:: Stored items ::
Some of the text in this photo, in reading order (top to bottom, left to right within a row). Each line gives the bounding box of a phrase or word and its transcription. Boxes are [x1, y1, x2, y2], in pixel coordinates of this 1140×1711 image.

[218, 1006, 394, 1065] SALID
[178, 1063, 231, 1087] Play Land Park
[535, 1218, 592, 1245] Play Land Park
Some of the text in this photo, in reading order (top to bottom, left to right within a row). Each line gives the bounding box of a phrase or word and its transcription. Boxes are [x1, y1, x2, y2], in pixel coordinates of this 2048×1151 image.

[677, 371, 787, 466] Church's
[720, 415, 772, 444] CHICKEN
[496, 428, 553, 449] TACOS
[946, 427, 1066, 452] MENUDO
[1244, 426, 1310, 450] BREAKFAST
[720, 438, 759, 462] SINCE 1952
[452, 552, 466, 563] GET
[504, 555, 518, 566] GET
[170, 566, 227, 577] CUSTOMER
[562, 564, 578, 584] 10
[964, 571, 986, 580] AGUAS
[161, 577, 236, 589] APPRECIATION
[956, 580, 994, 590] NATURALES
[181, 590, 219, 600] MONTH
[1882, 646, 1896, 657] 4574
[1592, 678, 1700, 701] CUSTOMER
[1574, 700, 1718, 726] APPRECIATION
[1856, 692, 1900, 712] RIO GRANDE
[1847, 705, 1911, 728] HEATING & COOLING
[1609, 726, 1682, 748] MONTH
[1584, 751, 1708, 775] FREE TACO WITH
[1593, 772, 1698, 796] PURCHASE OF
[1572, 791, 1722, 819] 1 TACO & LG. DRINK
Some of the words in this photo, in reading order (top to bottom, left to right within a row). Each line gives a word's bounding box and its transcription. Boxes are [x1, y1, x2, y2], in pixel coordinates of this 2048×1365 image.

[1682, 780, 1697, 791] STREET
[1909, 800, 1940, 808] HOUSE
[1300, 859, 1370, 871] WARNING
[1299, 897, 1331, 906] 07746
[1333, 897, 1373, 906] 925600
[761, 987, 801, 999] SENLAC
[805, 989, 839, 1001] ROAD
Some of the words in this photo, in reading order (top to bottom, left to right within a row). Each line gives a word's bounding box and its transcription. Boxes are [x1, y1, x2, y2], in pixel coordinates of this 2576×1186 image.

:: AIM OF THE EXERCISE ::
Every entry must be quoted exactly as it appears above.

:: EXERCISE RESULT ::
Some of the text in this photo, in reading order (top to bottom, left to right within a row). Each line gives the bounding box of a phrase or word and its transcription. Boxes are [x1, y1, x2, y2], in pixel coordinates of this 1140×1711 image.

[218, 1006, 394, 1065] SALID
[178, 1063, 231, 1087] Play Land Park
[535, 1218, 592, 1245] Play Land Park
Some of the text in this photo, in reading order (top to bottom, left to right within a row). Each line gives the bounding box of a phrase or word and its transcription. Boxes are [x1, y1, x2, y2], in pixel coordinates of this 2048×1151 image.

[677, 371, 787, 466] Church's
[720, 415, 772, 444] CHICKEN
[496, 428, 553, 449] TACOS
[946, 427, 1066, 452] MENUDO
[1244, 426, 1310, 450] BREAKFAST
[720, 438, 759, 462] SINCE 1952
[452, 552, 466, 563] GET
[504, 555, 518, 566] GET
[170, 566, 227, 577] CUSTOMER
[562, 564, 578, 584] 10
[964, 571, 986, 580] AGUAS
[161, 577, 236, 589] APPRECIATION
[956, 580, 994, 590] NATURALES
[181, 590, 219, 600] MONTH
[1882, 646, 1896, 657] 4574
[1592, 678, 1700, 701] CUSTOMER
[1574, 700, 1718, 726] APPRECIATION
[1856, 692, 1900, 712] RIO GRANDE
[1847, 705, 1911, 728] HEATING & COOLING
[1609, 726, 1682, 748] MONTH
[1584, 751, 1708, 775] FREE TACO WITH
[1593, 772, 1698, 796] PURCHASE OF
[1572, 791, 1722, 819] 1 TACO & LG. DRINK
Some of the words in this photo, in reading order (top to bottom, left to right within a row). Each line gives a word's bounding box and its transcription. Boxes are [x1, y1, x2, y2], in pixel coordinates of this 2048×1365 image.

[1682, 780, 1697, 791] STREET
[1909, 800, 1940, 808] HOUSE
[1300, 859, 1370, 871] WARNING
[1299, 897, 1331, 906] 07746
[1333, 897, 1373, 906] 925600
[761, 987, 801, 999] SENLAC
[805, 989, 839, 1001] ROAD
Some of the words in this photo, in reading order (top to bottom, left to right within a row). Each line gives a word's bounding box and its transcription. Boxes are [x1, y1, x2, y2], in pixel coordinates of this 2576×1186 image.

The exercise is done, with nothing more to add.